Stage 3The Love of the FatherDay 56
At the supper table · John 13

Leaning on Jesus' heart

The disciple Jesus loved

At the last supper, reclining around the low table in the manner of the time, the disciples leaned on their left elbows toward the food. And John — who never names himself directly in his Gospel — tells us that one disciple was positioned so that he was leaning back against Jesus, close enough to feel him breathe.

John does not identify himself by his name, his deeds, or his theology. Over and over, across the whole Gospel, he calls himself by one phrase only: the disciple whom Jesus loved. Of all the things he could have made his identity — son of Zebedee, son of thunder, apostle, eyewitness — he chose this: I am the one Jesus loves.

And in that moment, the phrase becomes a posture. The disciple Jesus loved is the one leaning against his chest, near enough to hear his heart. Belovedness and nearness turn out to be the same thing.


One of his disciples, whom Jesus loved, was at the table, leaning against Jesus' breast.

Of John, at the last supper — John 13:23 (WEB)
The Invitation

Make your deepest identity not your achievements but a single unshakable fact: I am the one Jesus loves.


Deuteronomy 33:12

The beloved of the LORD shall dwell in safety by him. He covers him all day long. He dwells between his shoulders.


We build our identity out of performance — roles, reputation, usefulness — and so we live anxiously, forever defending a self that success and failure keep revising. The interior work is to relocate your identity to the one place that cannot be eroded, your belovedness, until 'the one Jesus loves' is a truer name for you than anything you have achieved.

A Practice to Try

This week, when you introduce yourself to yourself by your roles or your record, gently correct it: before all that, I am the one Jesus loves. Let that be the first thing you say about yourself in prayer each morning.

Build your identity from achievement and you will live anxiously, because a self made of performance must be defended against every failure. But there is a name beneath all the others — the one Jesus loves — which no failure can erode and no success can improve, and a heart resting there has nothing left to prove.

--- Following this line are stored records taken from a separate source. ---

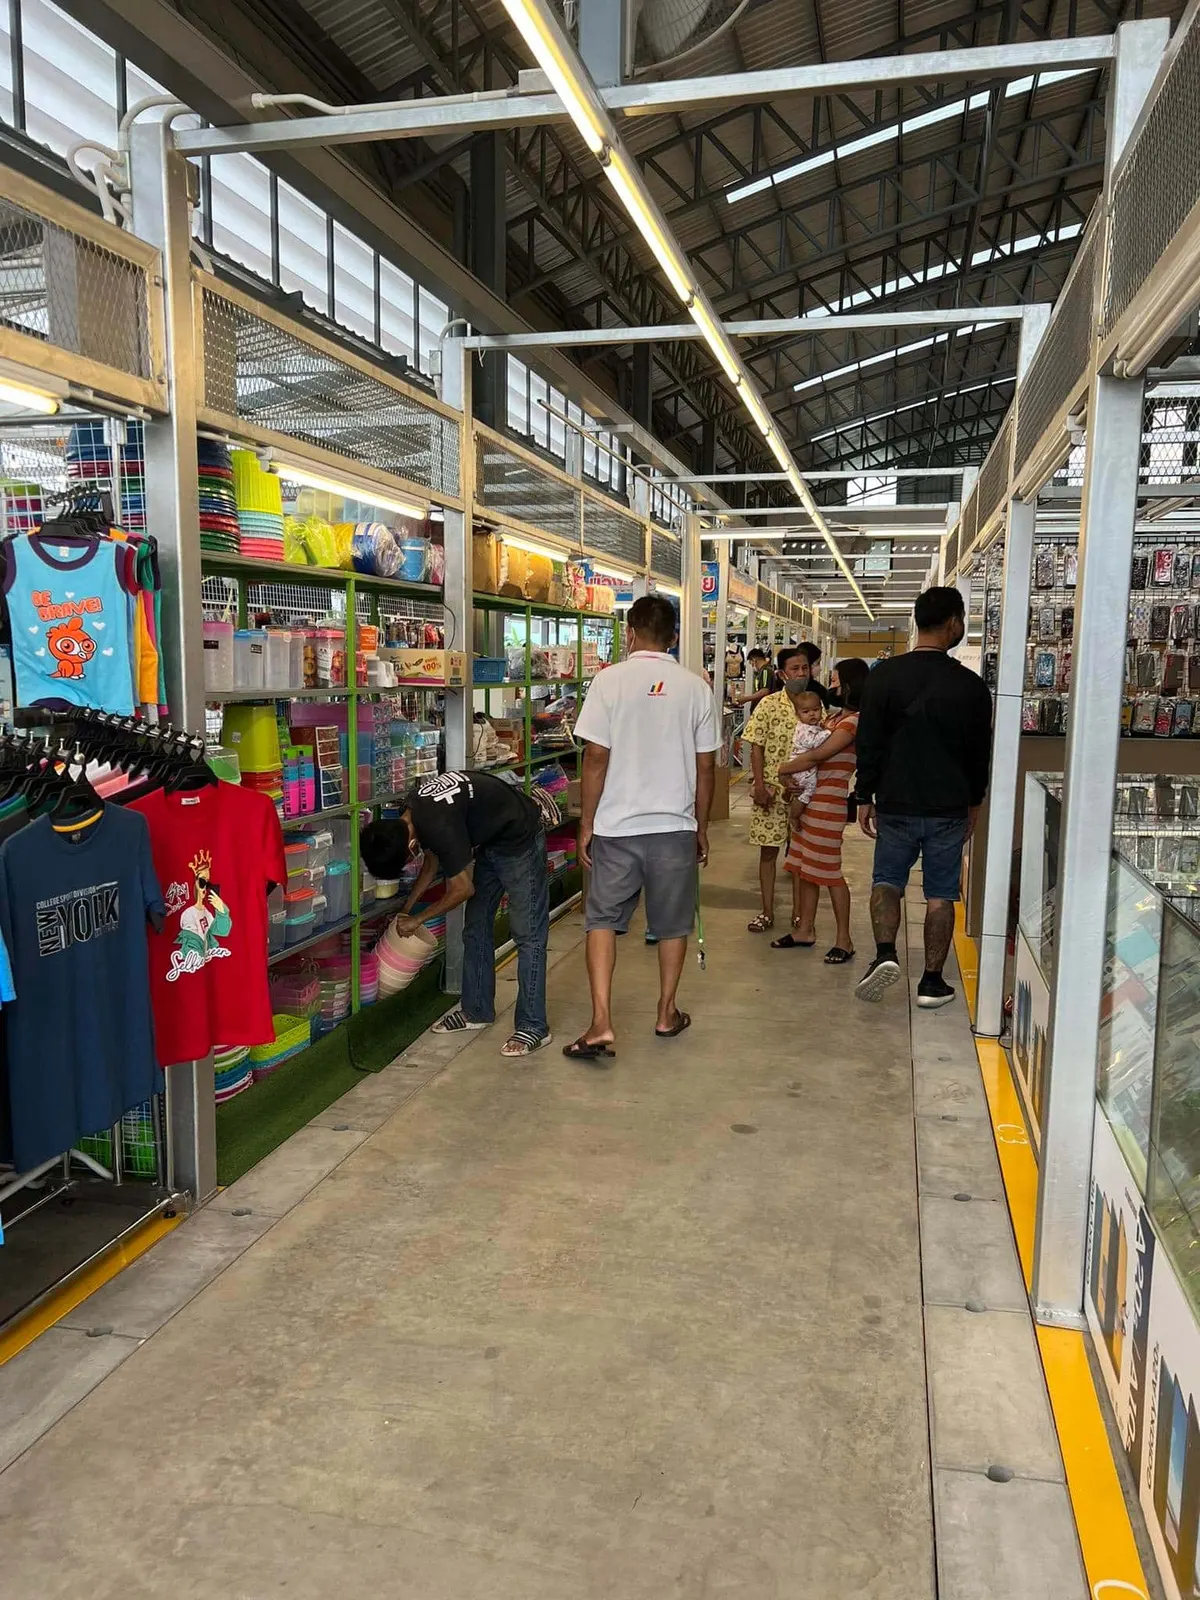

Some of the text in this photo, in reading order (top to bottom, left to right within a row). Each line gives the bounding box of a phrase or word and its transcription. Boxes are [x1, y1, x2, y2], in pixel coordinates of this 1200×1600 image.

[31, 590, 52, 607] BE
[37, 596, 104, 622] BRAVE!
[36, 896, 61, 910] COLLEGE
[36, 887, 120, 957] NEW YORK
[1146, 1396, 1156, 1490] Galaxy
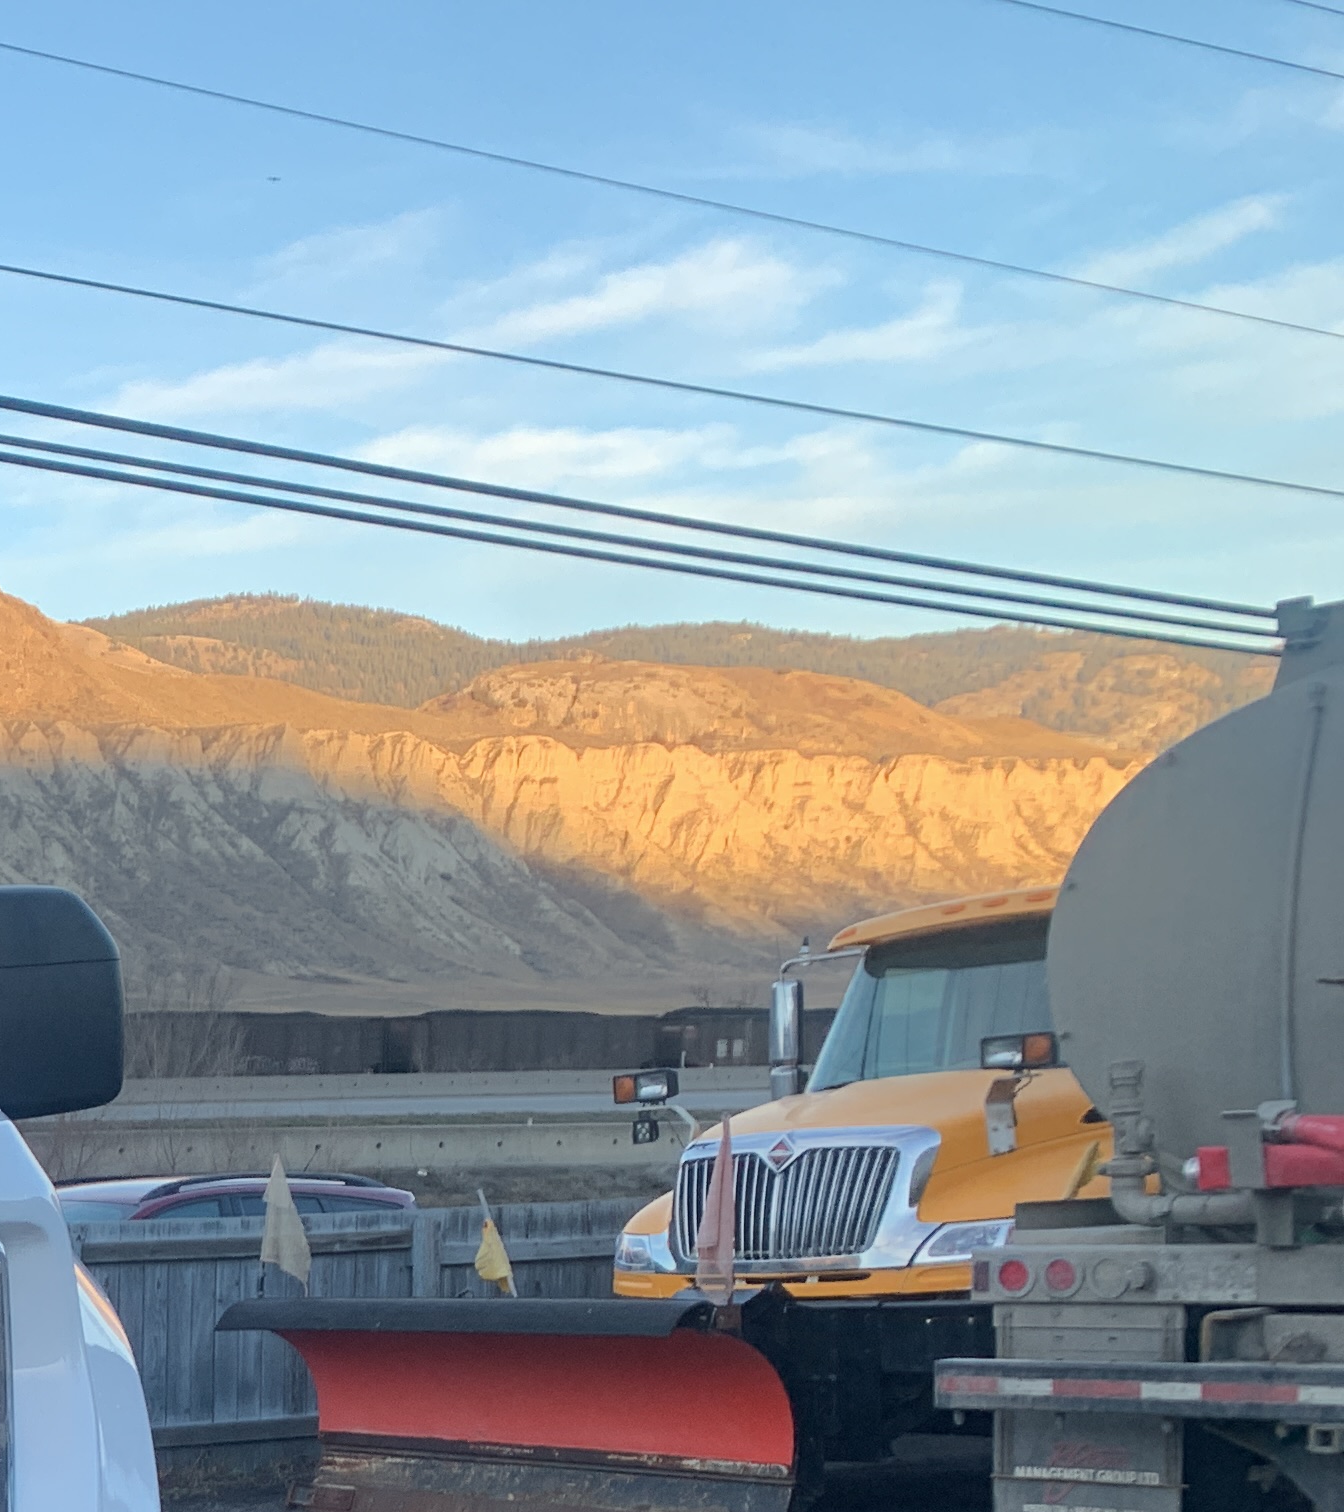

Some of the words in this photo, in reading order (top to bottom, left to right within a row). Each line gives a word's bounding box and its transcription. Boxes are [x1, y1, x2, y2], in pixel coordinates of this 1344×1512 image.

[1013, 1465, 1094, 1481] MANAGEMENT
[1095, 1469, 1137, 1484] GROUP
[1137, 1471, 1160, 1485] LTD

We instinctively build our identity out of our achievements, our roles, our usefulness — and then we live anxiously, because an identity built on performance must be constantly defended. John quietly shows another way. He stakes his whole sense of self on a single fact that no failure can erode and no success can improve: I am the one Jesus loves.

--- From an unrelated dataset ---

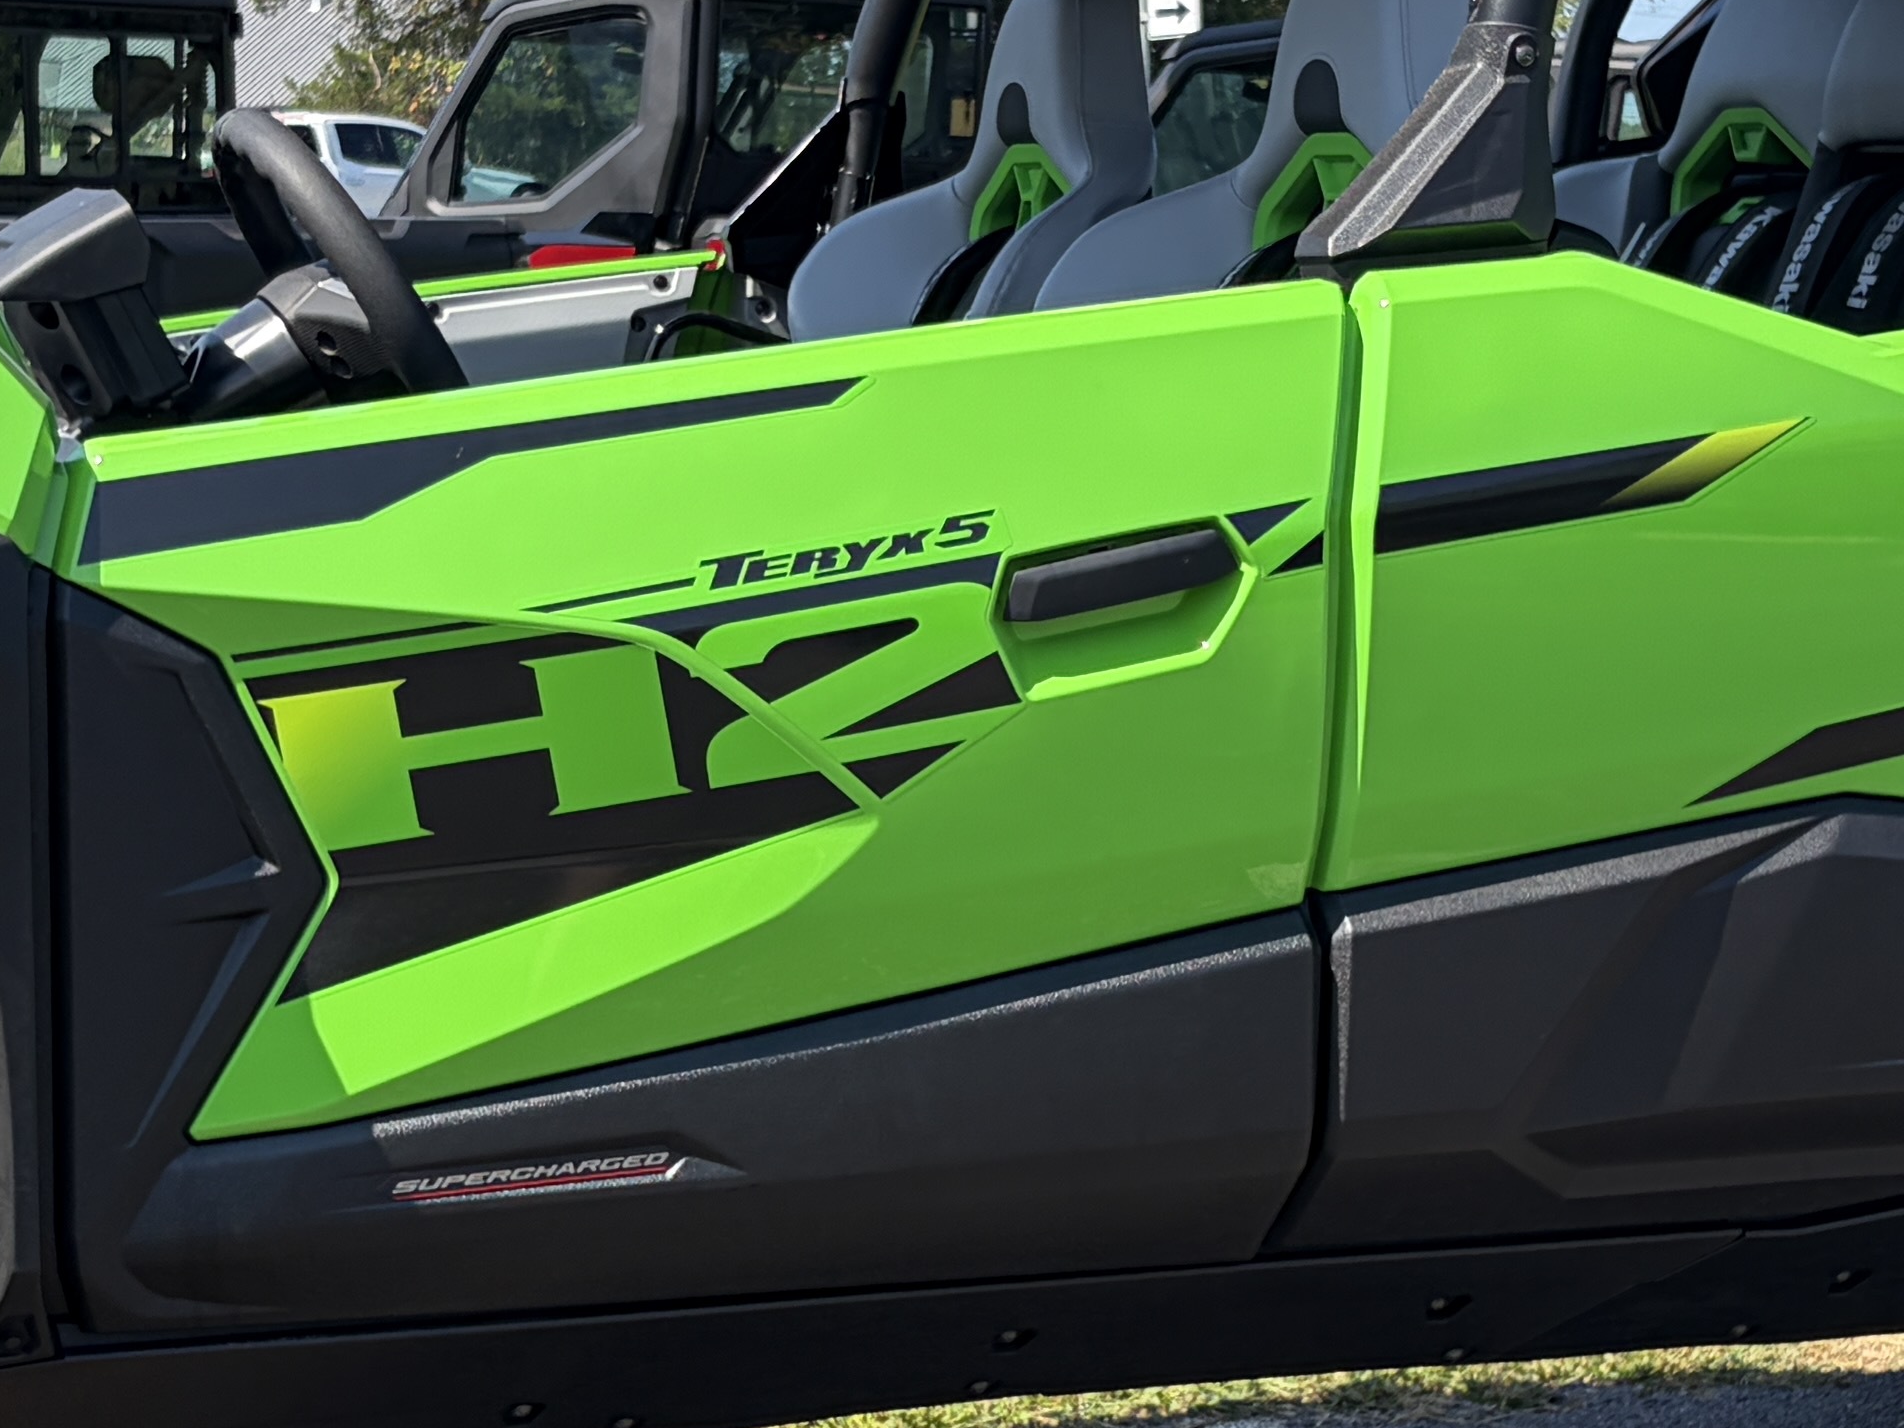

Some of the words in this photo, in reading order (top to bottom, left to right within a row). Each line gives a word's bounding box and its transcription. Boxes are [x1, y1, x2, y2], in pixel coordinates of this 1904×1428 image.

That is meant to be your name too. Before you are your job, your reputation, your record of success or failure, you are — if you are Christ's — the one Jesus loves. Where do you currently find your deepest sense of who you are; and what would change if your truest name became simply, the one Jesus loves?

  1. Where do I currently find my deepest sense of who I am?
  2. Is my identity built on performance I must keep defending?
  3. What would change if my truest name became 'the one Jesus loves'?
A Prayer to Carry

Lord, before I am anything I do, let me be the one you love. Make belovedness my truest name, and let me lean on your heart. Amen.